Jerry sues insurify and compare.com alleging five-year trademark hijacking scheme

Mashrukh Khan: Popular auto insurance comparison app Jerry has filed a federal lawsuit against rival insurtech platforms Insurify and its wholly owned subsidiary Compare.com, accusing them of a deliberate five-year scheme to hijack its trademarks and divert online customers through paid search advertising.
Jerry Services Inc. and Jerry Insurance Agency LLC filed the complaint on April 20, 2026, in the U.S. District Court for the District of Massachusetts. The company, which has more than five million users, claims that Insurify and Compare.com repeatedly bid on its registered and common-law trademarks as keywords on Google, Bing, and Yahoo. This practice allegedly caused consumers searching for “Jerry” to be shown misleading ads that funneled them to the competitors’ websites instead.
According to the lawsuit, the defendants bid on marks including the federally registered “JERRY” trademark as well as common-law marks such as “GETJERRY,” “JERRY.AI,” “JERRY AI,” “JERRY INSURANCE,” “DRIVESHIELD,” “ALLCAR,” “GARAGEGUARD,” and “PRICEPROTECT.” Jerry alleges that the ads were designed to confuse consumers and capitalize on its brand recognition.
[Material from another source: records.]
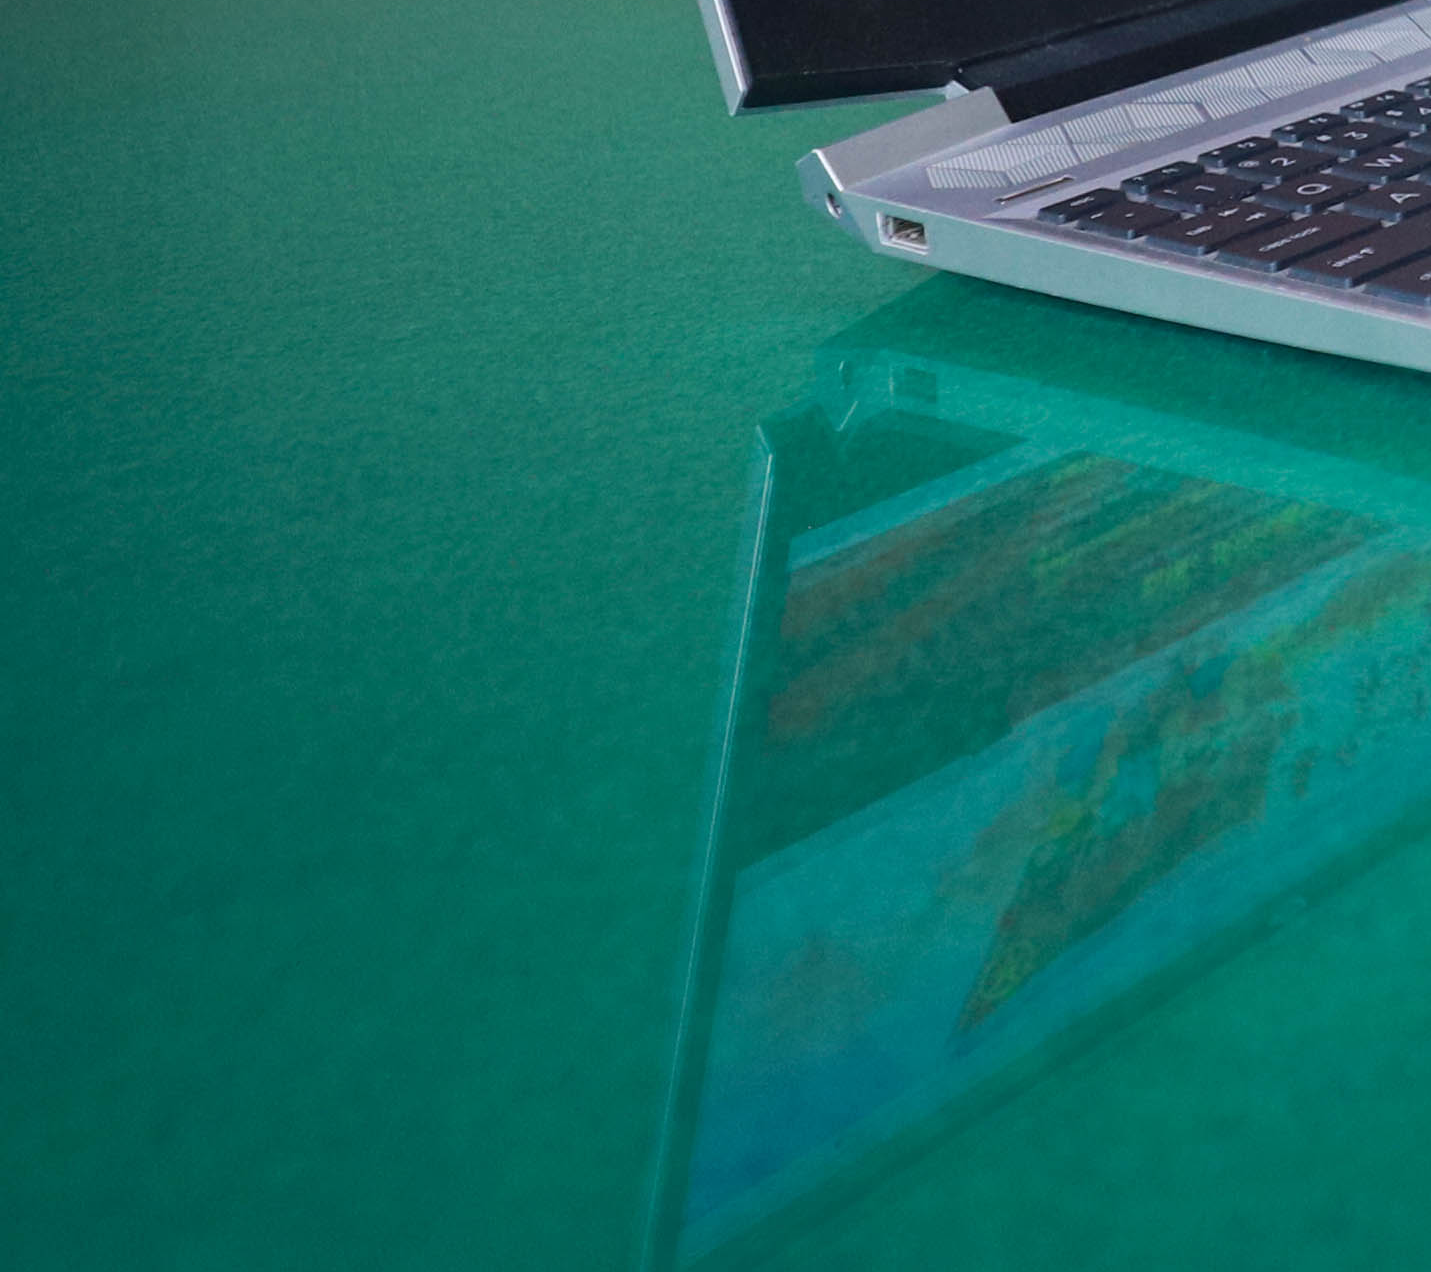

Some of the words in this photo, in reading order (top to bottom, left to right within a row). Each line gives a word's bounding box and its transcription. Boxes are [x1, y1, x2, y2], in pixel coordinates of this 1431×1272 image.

[1343, 131, 1369, 140] 3
[1270, 157, 1298, 167] 2
[1364, 154, 1404, 168] W
[1296, 182, 1333, 196] Q
[1389, 191, 1422, 204] A
The complaint further states that Jerry sent its first cease-and-desist letter on June 23, 2021. Insurify responded by claiming that bidding on competitor search terms was common practice. Three more letters followed in October 2021, July 2024, and after renewed activity in 2025. Jerry says the alleged infringing behavior would briefly stop and then restart, with fresh examples surfacing as recently as March 2026.
The filing also points to additional tactics. Insurify’s website allegedly still hosts a page titled “Jerry Review: Legit or Just a Lead Generator? (2026)” as of April 10, 2026. Compare.com ran sponsored ads using phrases such as “Jerry App,” “Jerry Ai,” “Get Jerry,” and “Jerry’s Insurance,” and maintained its own “Jerry Car Insurance Review” page that was live as recently as April 9, 2026. Side-by-side images in the complaint show Jerry ads from 2024 and 2025 next to Insurify ads from January 2026 that Jerry claims copy the look and feel of its own creative.
Jerry brings claims under the federal Lanham Act for trademark infringement and unfair competition, along with Massachusetts common law and the state’s unfair trade practices statute. The company is seeking an injunction to halt the practices, an accounting of profits, treble damages, and attorneys’ fees, arguing that the infringement was willful.
This case highlights ongoing tensions in the competitive insurtech space, where paid-search keyword bidding on competitor brand names is a common—though sometimes controversial—marketing tactic. A ruling in favor of Jerry, particularly one finding willfulness, could influence how comparison platforms buy traffic and write ad copy.